++++ PROVIDED MATERIAL
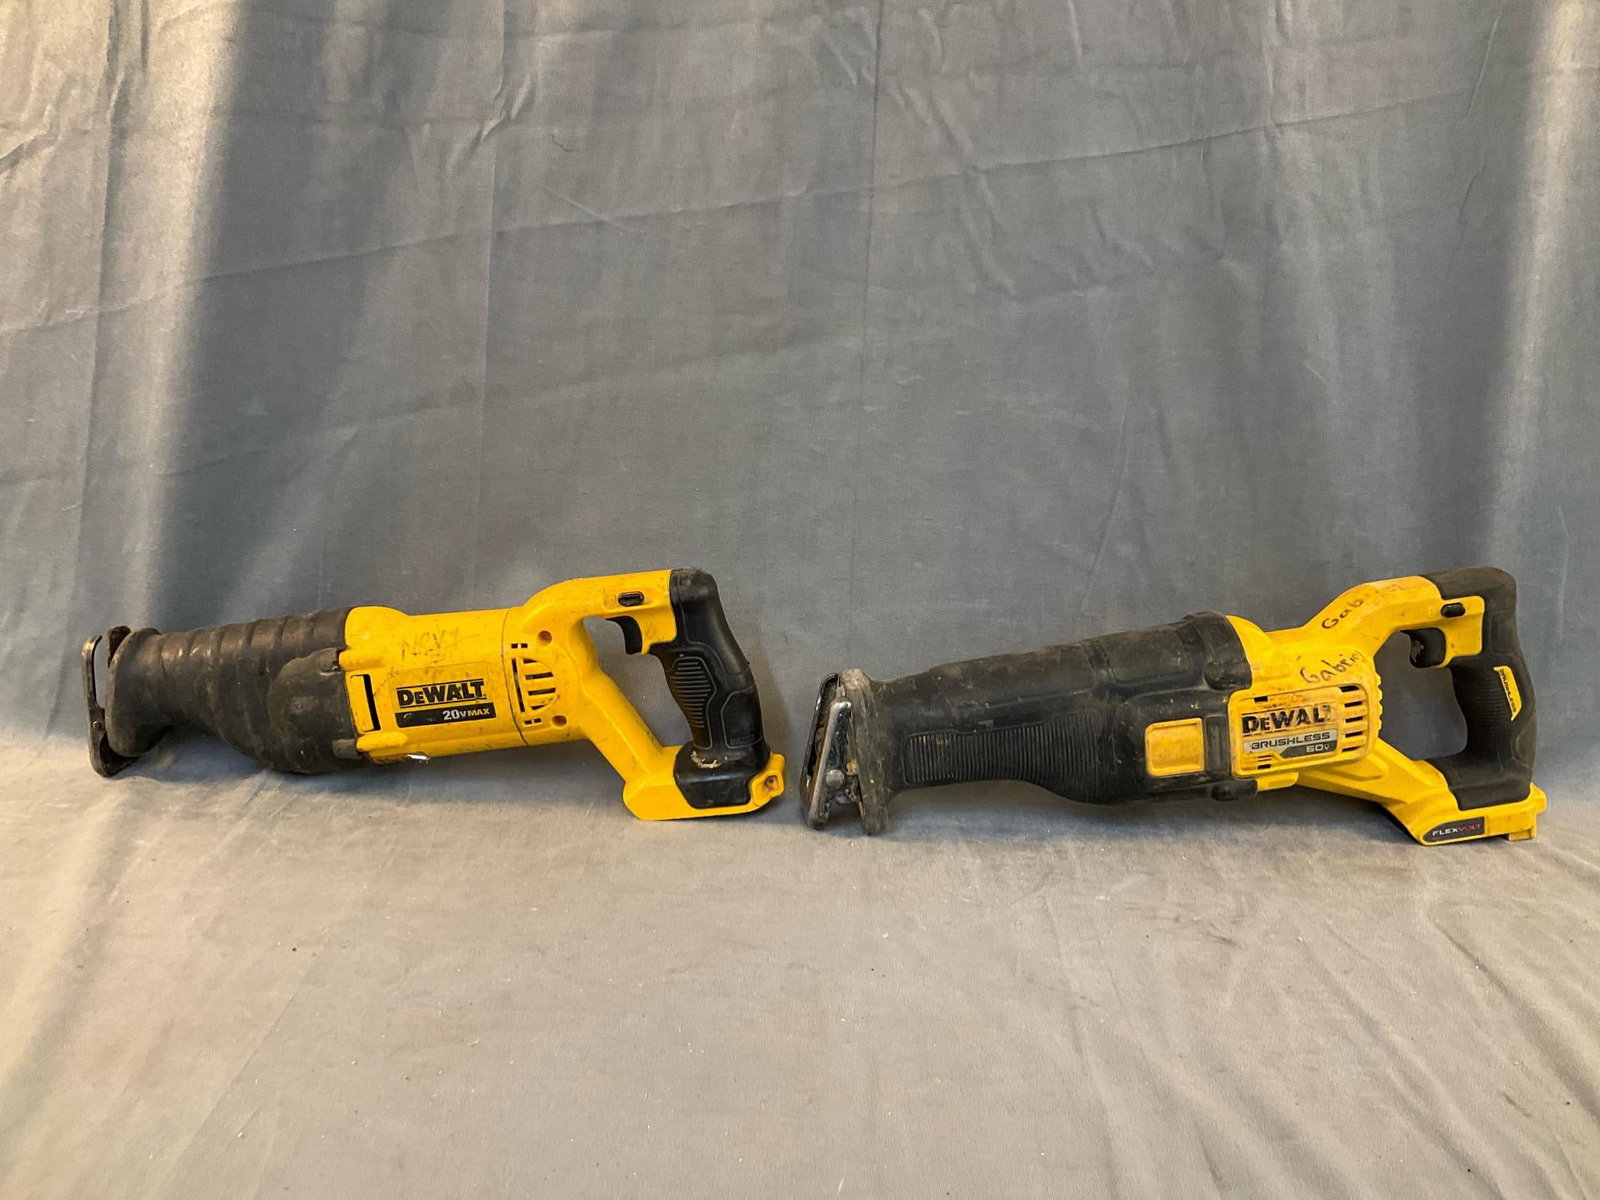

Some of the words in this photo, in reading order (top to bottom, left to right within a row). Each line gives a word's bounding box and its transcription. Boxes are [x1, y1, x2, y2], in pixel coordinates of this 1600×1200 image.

[1321, 598, 1364, 630] Gab
[1251, 732, 1330, 750] BRUSHLESS
[1432, 823, 1482, 837] FLEXVOLT
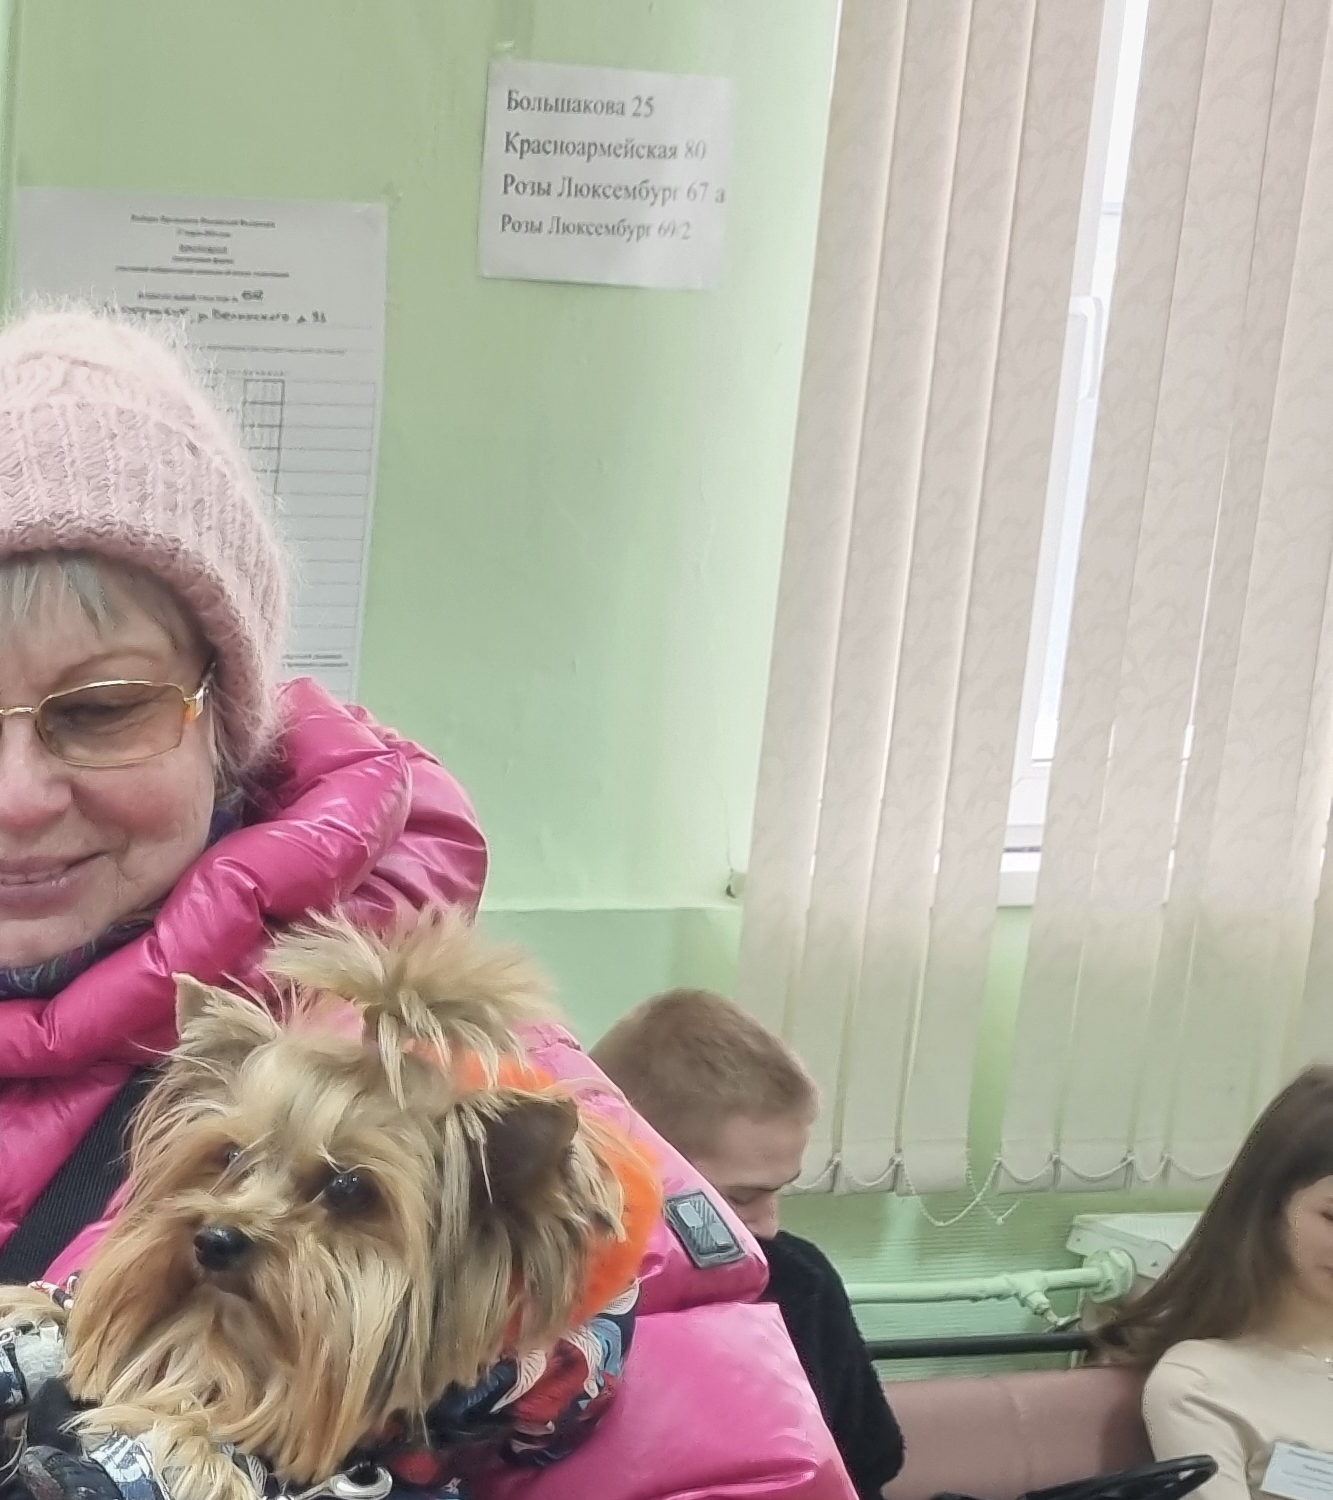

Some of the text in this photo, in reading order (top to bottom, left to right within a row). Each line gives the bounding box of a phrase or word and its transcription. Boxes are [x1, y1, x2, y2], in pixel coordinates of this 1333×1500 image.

[506, 88, 655, 118] Большакова 25
[504, 131, 707, 163] Красноармейская 80
[502, 173, 726, 207] Розы Люксембург 67 а
[501, 214, 543, 233] Розы
[547, 216, 653, 243] Люксембург
++++++++
• [WORK ORDER]:
The entries are to be copied exactly, and each image is to be omitted.

• [TASK SOLUTION]:
Some of the words in this photo, in reading order (top to bottom, left to right within a row). Each line gives a word's bounding box and its transcription. Boxes are [x1, y1, x2, y2], in pixel coordinates of this 1600×1200 image.

[1321, 598, 1364, 630] Gab
[1251, 732, 1330, 750] BRUSHLESS
[1432, 823, 1482, 837] FLEXVOLT

Some of the text in this photo, in reading order (top to bottom, left to right within a row). Each line gives the bounding box of a phrase or word and its transcription. Boxes are [x1, y1, x2, y2], in pixel coordinates of this 1333×1500 image.

[506, 88, 655, 118] Большакова 25
[504, 131, 707, 163] Красноармейская 80
[502, 173, 726, 207] Розы Люксембург 67 а
[501, 214, 543, 233] Розы
[547, 216, 653, 243] Люксембург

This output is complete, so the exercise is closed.